■ INSTRUCTIONS FOR THE TASK: With the line containing "this 1368×1824 image." as the first and the final line of the entries as the last, repeat exactly the lines in that span, including both.

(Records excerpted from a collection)
——

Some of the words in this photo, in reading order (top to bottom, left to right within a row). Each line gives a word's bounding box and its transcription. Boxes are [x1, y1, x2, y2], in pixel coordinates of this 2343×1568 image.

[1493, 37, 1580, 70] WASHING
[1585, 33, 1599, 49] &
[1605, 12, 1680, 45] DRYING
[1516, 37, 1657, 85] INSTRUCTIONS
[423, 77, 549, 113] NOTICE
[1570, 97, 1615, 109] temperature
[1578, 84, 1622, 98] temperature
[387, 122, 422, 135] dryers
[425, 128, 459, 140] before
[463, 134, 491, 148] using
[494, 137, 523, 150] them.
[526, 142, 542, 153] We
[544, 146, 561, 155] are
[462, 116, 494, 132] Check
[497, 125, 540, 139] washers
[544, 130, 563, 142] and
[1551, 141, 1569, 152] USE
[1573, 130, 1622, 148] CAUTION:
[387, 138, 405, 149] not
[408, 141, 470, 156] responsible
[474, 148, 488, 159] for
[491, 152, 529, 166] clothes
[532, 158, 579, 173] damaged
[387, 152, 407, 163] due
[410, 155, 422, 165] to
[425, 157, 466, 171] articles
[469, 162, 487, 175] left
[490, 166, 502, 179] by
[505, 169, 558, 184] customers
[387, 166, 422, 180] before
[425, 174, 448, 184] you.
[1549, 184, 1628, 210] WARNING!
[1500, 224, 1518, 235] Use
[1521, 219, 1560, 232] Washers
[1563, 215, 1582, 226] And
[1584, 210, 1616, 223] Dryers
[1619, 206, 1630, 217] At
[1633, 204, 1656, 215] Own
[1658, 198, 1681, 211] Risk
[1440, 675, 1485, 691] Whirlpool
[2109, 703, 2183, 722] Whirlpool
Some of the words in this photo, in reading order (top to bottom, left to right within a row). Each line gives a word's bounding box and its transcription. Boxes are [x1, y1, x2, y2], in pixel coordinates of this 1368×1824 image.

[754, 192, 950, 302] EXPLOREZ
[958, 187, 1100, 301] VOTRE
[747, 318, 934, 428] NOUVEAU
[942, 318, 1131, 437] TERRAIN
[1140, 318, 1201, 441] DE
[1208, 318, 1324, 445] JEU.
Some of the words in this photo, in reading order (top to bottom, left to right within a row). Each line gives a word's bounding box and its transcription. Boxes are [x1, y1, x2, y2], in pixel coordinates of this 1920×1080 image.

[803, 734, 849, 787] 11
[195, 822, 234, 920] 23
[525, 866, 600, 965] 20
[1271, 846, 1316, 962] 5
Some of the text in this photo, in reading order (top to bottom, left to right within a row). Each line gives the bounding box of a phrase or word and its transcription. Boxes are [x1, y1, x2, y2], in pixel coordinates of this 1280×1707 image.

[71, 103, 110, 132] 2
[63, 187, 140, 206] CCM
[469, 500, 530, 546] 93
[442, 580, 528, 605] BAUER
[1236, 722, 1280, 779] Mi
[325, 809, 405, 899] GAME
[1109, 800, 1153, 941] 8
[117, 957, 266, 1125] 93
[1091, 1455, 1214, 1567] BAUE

——

■ YOUR SOLUTION:
Some of the words in this photo, in reading order (top to bottom, left to right within a row). Each line gives a word's bounding box and its transcription. Boxes are [x1, y1, x2, y2], in pixel coordinates of this 1368×1824 image.

[754, 192, 950, 302] EXPLOREZ
[958, 187, 1100, 301] VOTRE
[747, 318, 934, 428] NOUVEAU
[942, 318, 1131, 437] TERRAIN
[1140, 318, 1201, 441] DE
[1208, 318, 1324, 445] JEU.
Some of the words in this photo, in reading order (top to bottom, left to right within a row). Each line gives a word's bounding box and its transcription. Boxes are [x1, y1, x2, y2], in pixel coordinates of this 1920×1080 image.

[803, 734, 849, 787] 11
[195, 822, 234, 920] 23
[525, 866, 600, 965] 20
[1271, 846, 1316, 962] 5
Some of the text in this photo, in reading order (top to bottom, left to right within a row). Each line gives the bounding box of a phrase or word and its transcription. Boxes are [x1, y1, x2, y2], in pixel coordinates of this 1280×1707 image.

[71, 103, 110, 132] 2
[63, 187, 140, 206] CCM
[469, 500, 530, 546] 93
[442, 580, 528, 605] BAUER
[1236, 722, 1280, 779] Mi
[325, 809, 405, 899] GAME
[1109, 800, 1153, 941] 8
[117, 957, 266, 1125] 93
[1091, 1455, 1214, 1567] BAUE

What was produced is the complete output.